Reno Diaries: Part III


November 11 – Dear Diary, the weatherman promised us another messy, snowy day, but his timing was off, which gave me an advantage. Once I dropped Little Guy at school, I went to Home Depot to purchase cupboard door handles. I got lots of steps walking between kitchen cabinetry at back of the store and aisle 21 (hardware), trying to choose the best option to go with white cupboards. I finally decided on simple polished nickle pulls…which came in a pack. Good for the budget!

Handyman started installing the cupboard doors in the afternoon but…they aren’t white! They are a natural blonde wood. And my heart sank. I didn’t say anything and felt ok about it, until Hubby came home. And then again in the middle of the night.
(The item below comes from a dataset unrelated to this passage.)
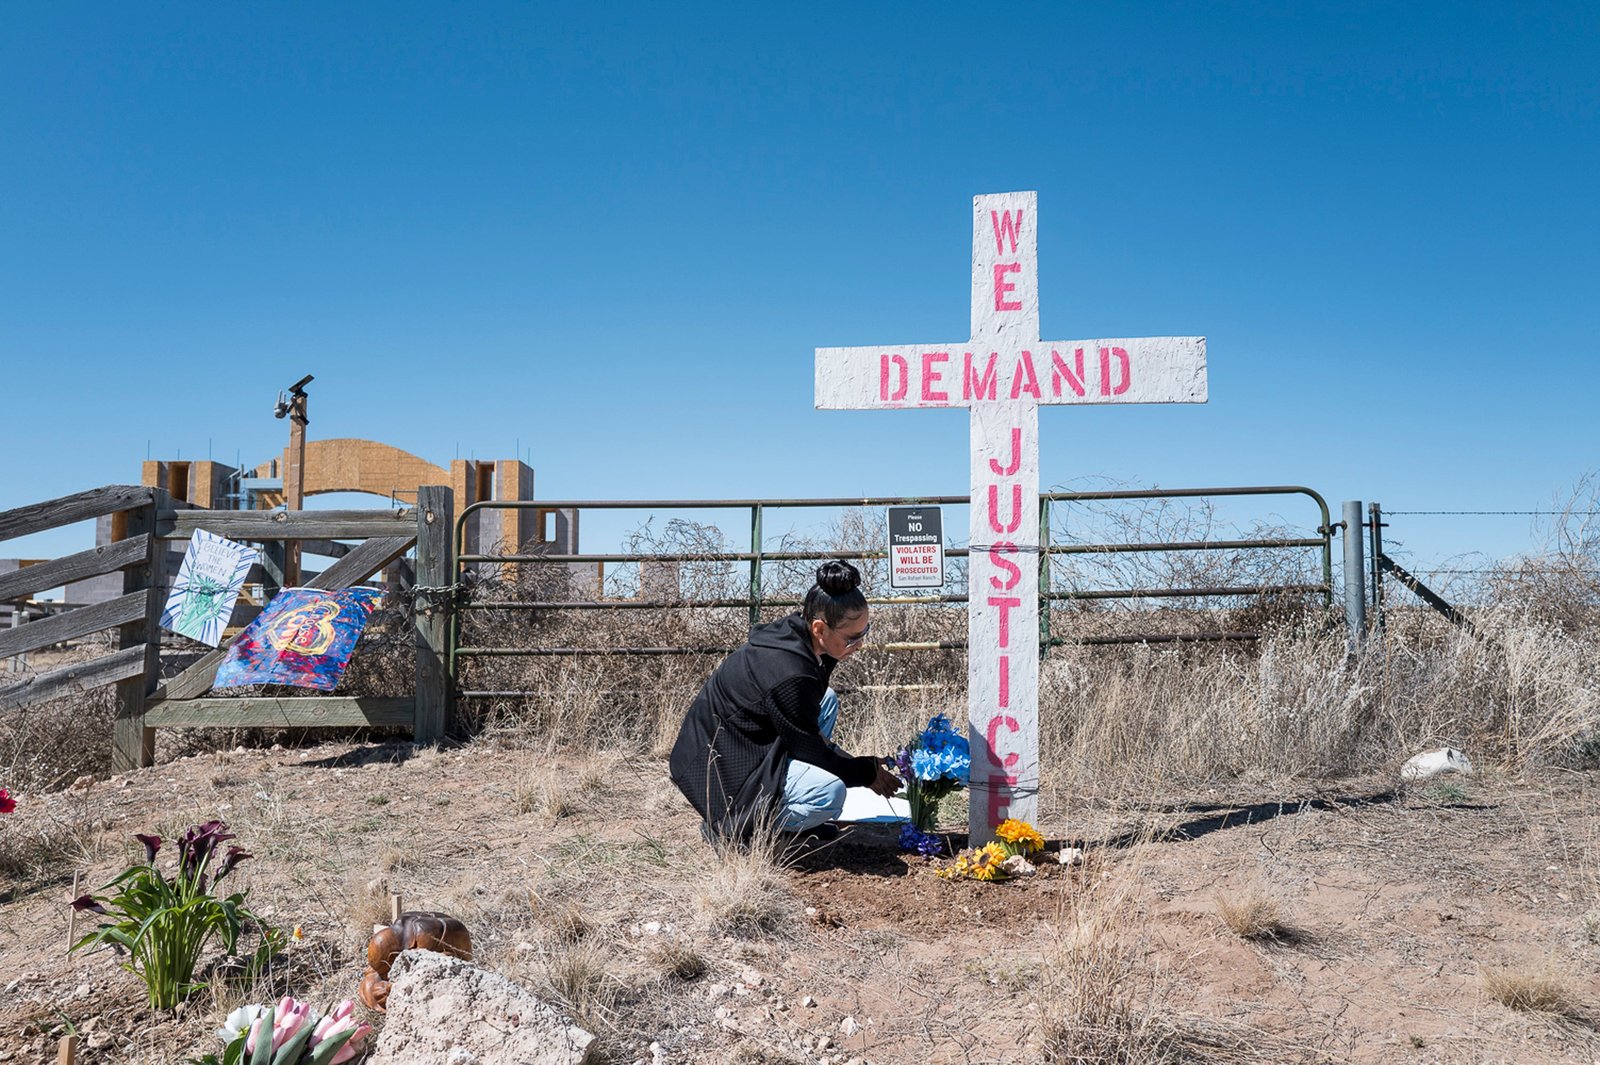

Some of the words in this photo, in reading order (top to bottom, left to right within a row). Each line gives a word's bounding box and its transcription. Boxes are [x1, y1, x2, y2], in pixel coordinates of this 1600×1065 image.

Until I had a little epiphany.

November 12 – Dear Diary, I talked to Handyman and it really was just a miscommunication. But rather than re-doing the doors, I slid over the Home Depot in the slush to reassess handles. The brushed nickle bars don’t provide enough contrast with the light wood. I got in more steps between kitchen cabinetry and aisle 21, as well as plenty of weird looks from the staff. I finally chose an antique brushed nickle knob.  I took one home to show Hubby. I wonder if I could convince Hubby to let me paint the kitchen ceiling charcoal gray?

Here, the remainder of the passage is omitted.